▶ **WHAT NEEDS TO BE DONE**: Transcribe all records verbatim.

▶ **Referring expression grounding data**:
* * * *

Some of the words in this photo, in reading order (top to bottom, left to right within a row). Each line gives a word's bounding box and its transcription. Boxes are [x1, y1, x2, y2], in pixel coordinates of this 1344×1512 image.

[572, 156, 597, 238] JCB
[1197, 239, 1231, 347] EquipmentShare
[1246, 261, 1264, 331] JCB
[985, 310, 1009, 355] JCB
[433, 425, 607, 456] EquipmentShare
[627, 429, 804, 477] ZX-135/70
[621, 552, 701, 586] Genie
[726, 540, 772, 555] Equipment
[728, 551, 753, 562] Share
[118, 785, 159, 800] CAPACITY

* * * *

▶ **YOUR RESPONSE**:
Some of the words in this photo, in reading order (top to bottom, left to right within a row). Each line gives a word's bounding box and its transcription. Boxes are [x1, y1, x2, y2], in pixel coordinates of this 1344×1512 image.

[572, 156, 597, 238] JCB
[1197, 239, 1231, 347] EquipmentShare
[1246, 261, 1264, 331] JCB
[985, 310, 1009, 355] JCB
[433, 425, 607, 456] EquipmentShare
[627, 429, 804, 477] ZX-135/70
[621, 552, 701, 586] Genie
[726, 540, 772, 555] Equipment
[728, 551, 753, 562] Share
[118, 785, 159, 800] CAPACITY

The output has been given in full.